Paula Thomson, PsyD, Associate Professor, California State University, Northridge & Professor Emeritus, York University

"I am enthralled.
Dr. Janov has crafted a compelling and prophetic opus that could rightly dictate
PhD thesis topics for decades to come. Devoid of any "New Age" pseudoscience,
this work never strays from scientific orthodoxy and yet is perfectly accessible and
downright fascinating to any lay person interested in the mysteries of the human psyche."
Dr. Bernard Park, MD, MPH

His new book “Life Before Birth: The Hidden Script that Rules Our Lives” shows that primal therapy, the lower-brain therapeutic method popularized in the 1970’s international bestseller “Primal Scream” and his early work with John Lennon, may help alleviate depression and anxiety disorders, normalize blood pressure and serotonin levels, and improve the functioning of the immune system.

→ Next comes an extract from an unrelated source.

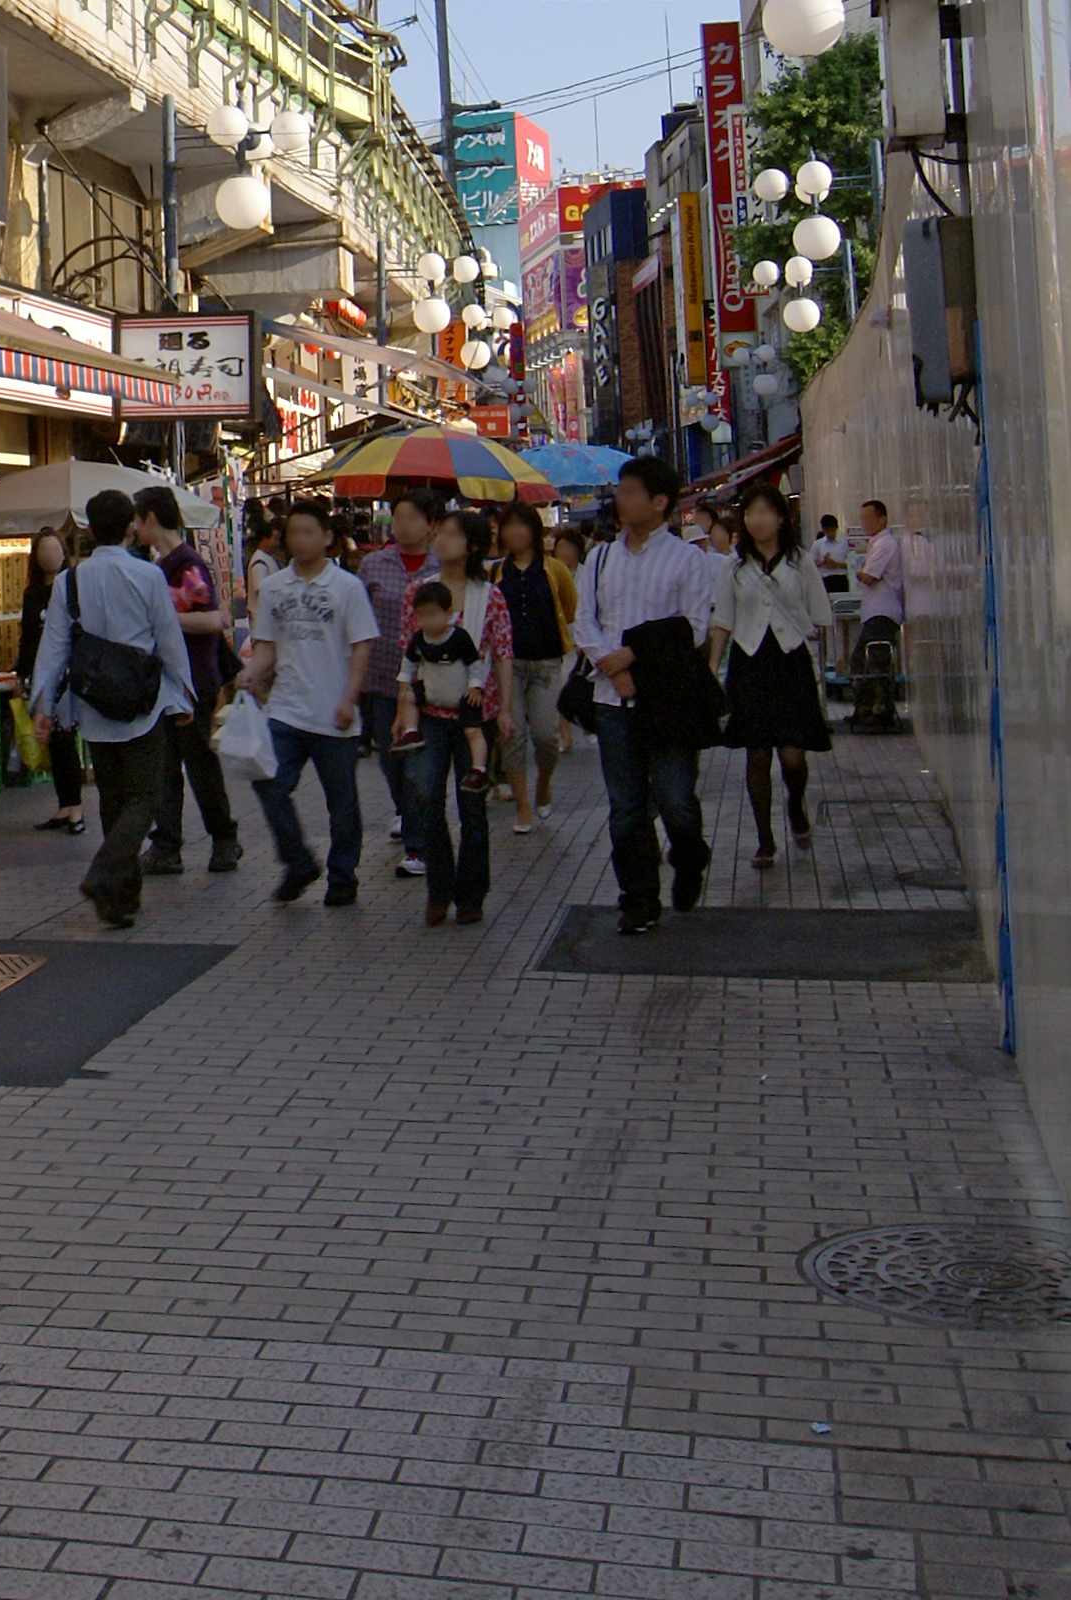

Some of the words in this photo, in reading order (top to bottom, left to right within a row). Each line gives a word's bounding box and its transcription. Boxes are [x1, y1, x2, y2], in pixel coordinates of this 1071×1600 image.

[709, 41, 736, 162] カラオケ
[592, 296, 609, 387] GAME

One of the book’s most intriguing theories is that fetal imprinting, an evolutionary strategy to prepare children to cope with life, establishes a permanent set-point in a child's physiology. Baby's born to mothers highly anxious during pregnancy, whether from war, natural disasters, failed marriages, or other stressful life conditions, may thus be prone to mental illness and brain dysfunction later in life. Early traumatic events such as low oxygen at birth, painkillers and antidepressants administered to the mother during pregnancy, poor maternal nutrition, and a lack of parental affection in the first years of life may compound the effect.
In making the case for a brand-new, unified field theory of psychotherapy, Dr. Janov weaves together the evolutionary theories of Jean Baptiste Larmarck, the fetal development studies of Vivette Glover and K.J.S. Anand, and fascinating new research by the psychiatrist Elissa Epel suggesting that telomeres—a region of repetitive DNA critical in predicting life expectancy—may be significantly altered during pregnancy.
After explaining how hormonal and neurologic processes in the womb provide a blueprint for later mental illness and disease, Dr. Janov charts a revolutionary new course for psychotherapy. He provides a sharp critique of cognitive behavioral therapy, psychoanalysis, and other popular “talk therapy” models for treating addiction and mental illness, which he argues do not reach the limbic system and brainstem, where the effects of early trauma are registered in the nervous system.
“Life Before Birth: The Hidden Script that Rules Our Lives” is scheduled to be published by NTI Upstream in October 2011, and has tremendous implications for the future of modern psychology, pediatrics, pregnancy, and women’s health.